:: Input for this task ::
==*==
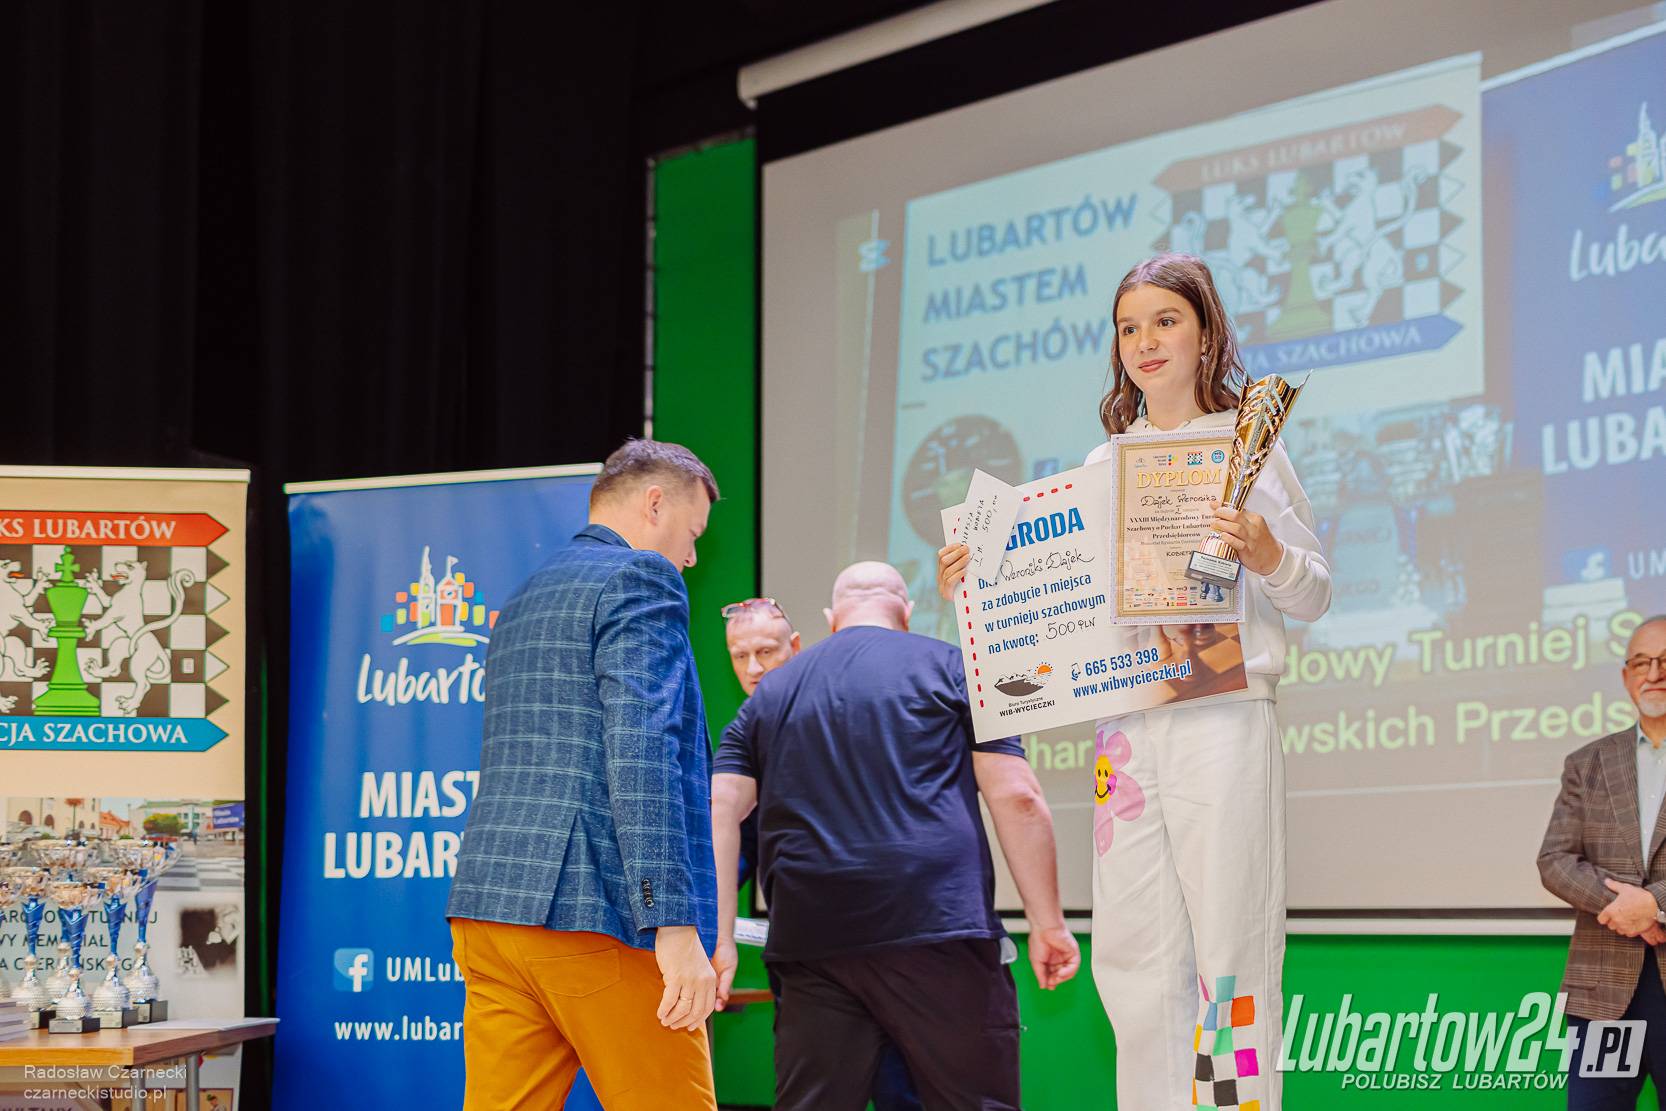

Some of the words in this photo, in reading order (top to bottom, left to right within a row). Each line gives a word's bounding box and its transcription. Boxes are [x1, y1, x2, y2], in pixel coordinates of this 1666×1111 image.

[926, 192, 1138, 268] LUBARTÓW
[923, 263, 1089, 324] MIASTEM
[920, 316, 1108, 383] SZACHÓW
[1278, 326, 1422, 362] SZACHOWA
[1136, 468, 1222, 489] DYPLOM
[33, 516, 176, 539] LUBARTÓW
[982, 600, 993, 612] za
[996, 586, 1041, 608] zdobycie
[1050, 574, 1092, 594] miejsca
[985, 622, 994, 633] w
[997, 609, 1039, 630] turnieju
[1041, 594, 1106, 619] szachowym
[1046, 621, 1076, 640] 500
[988, 643, 1001, 655] na
[1003, 633, 1039, 651] kwotę:
[1085, 659, 1108, 677] 665
[1110, 653, 1133, 671] 533
[1136, 647, 1160, 666] 398
[1408, 616, 1588, 673] Turniej
[1072, 659, 1192, 698] www.wibwycieczki.pl
[999, 699, 1056, 717] WIB-WYCIECZKI
[1456, 691, 1638, 744] Przeds
[43, 722, 188, 744] SZACHOWA
[323, 831, 465, 879] LUBAR
[334, 1015, 464, 1041] www.lubar
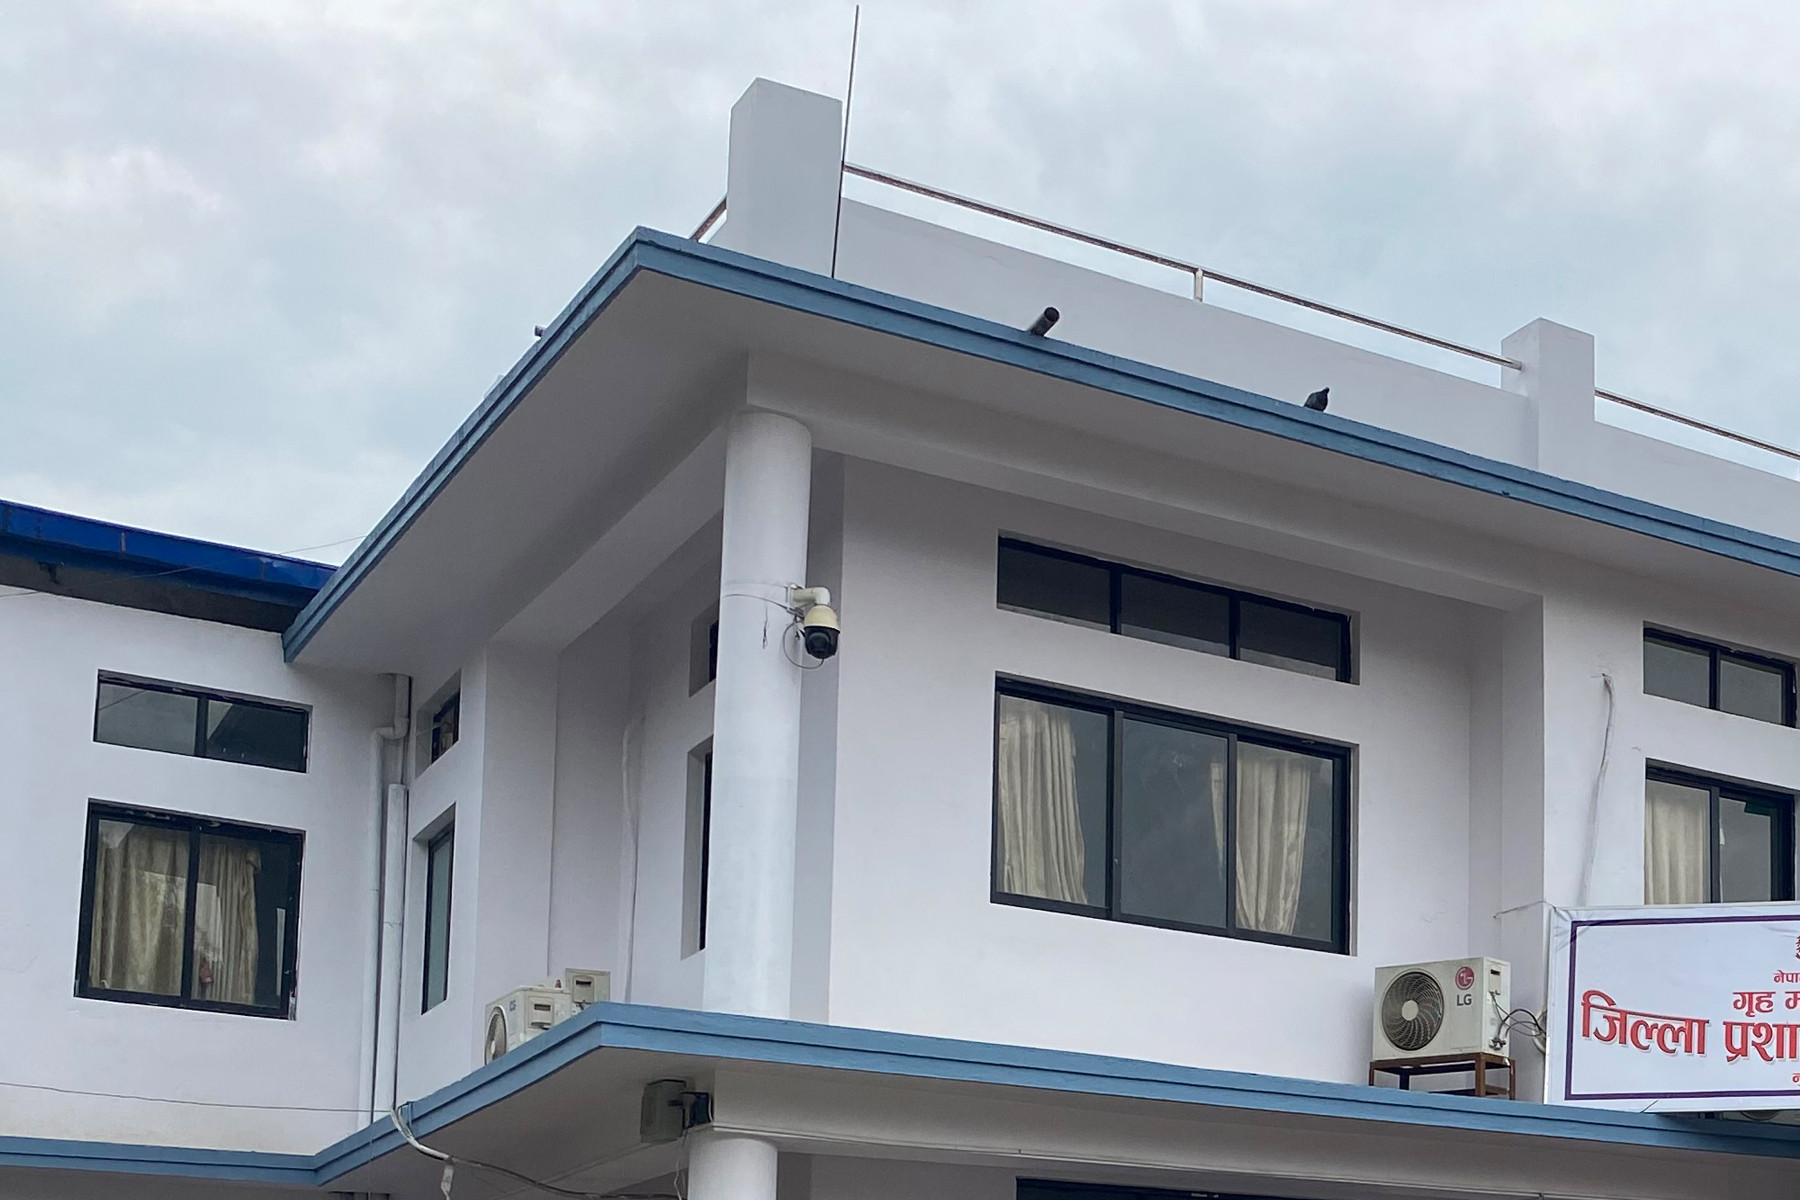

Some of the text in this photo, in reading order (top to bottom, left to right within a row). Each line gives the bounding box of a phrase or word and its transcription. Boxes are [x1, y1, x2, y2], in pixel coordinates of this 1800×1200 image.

[1457, 994, 1471, 1006] LG
[1733, 991, 1774, 1017] गृह
[1582, 990, 1709, 1054] जिल्ला
==*==
:: The task ::
Could the data above be returned in full, exactly, with every image left out?

:: Response area ::
Some of the words in this photo, in reading order (top to bottom, left to right within a row). Each line gives a word's bounding box and its transcription. Boxes are [x1, y1, x2, y2], in pixel coordinates of this 1666×1111 image.

[926, 192, 1138, 268] LUBARTÓW
[923, 263, 1089, 324] MIASTEM
[920, 316, 1108, 383] SZACHÓW
[1278, 326, 1422, 362] SZACHOWA
[1136, 468, 1222, 489] DYPLOM
[33, 516, 176, 539] LUBARTÓW
[982, 600, 993, 612] za
[996, 586, 1041, 608] zdobycie
[1050, 574, 1092, 594] miejsca
[985, 622, 994, 633] w
[997, 609, 1039, 630] turnieju
[1041, 594, 1106, 619] szachowym
[1046, 621, 1076, 640] 500
[988, 643, 1001, 655] na
[1003, 633, 1039, 651] kwotę:
[1085, 659, 1108, 677] 665
[1110, 653, 1133, 671] 533
[1136, 647, 1160, 666] 398
[1408, 616, 1588, 673] Turniej
[1072, 659, 1192, 698] www.wibwycieczki.pl
[999, 699, 1056, 717] WIB-WYCIECZKI
[1456, 691, 1638, 744] Przeds
[43, 722, 188, 744] SZACHOWA
[323, 831, 465, 879] LUBAR
[334, 1015, 464, 1041] www.lubar

Some of the text in this photo, in reading order (top to bottom, left to right within a row). Each line gives the bounding box of a phrase or word and its transcription. Boxes are [x1, y1, x2, y2], in pixel coordinates of this 1800×1200 image.

[1457, 994, 1471, 1006] LG
[1733, 991, 1774, 1017] गृह
[1582, 990, 1709, 1054] जिल्ला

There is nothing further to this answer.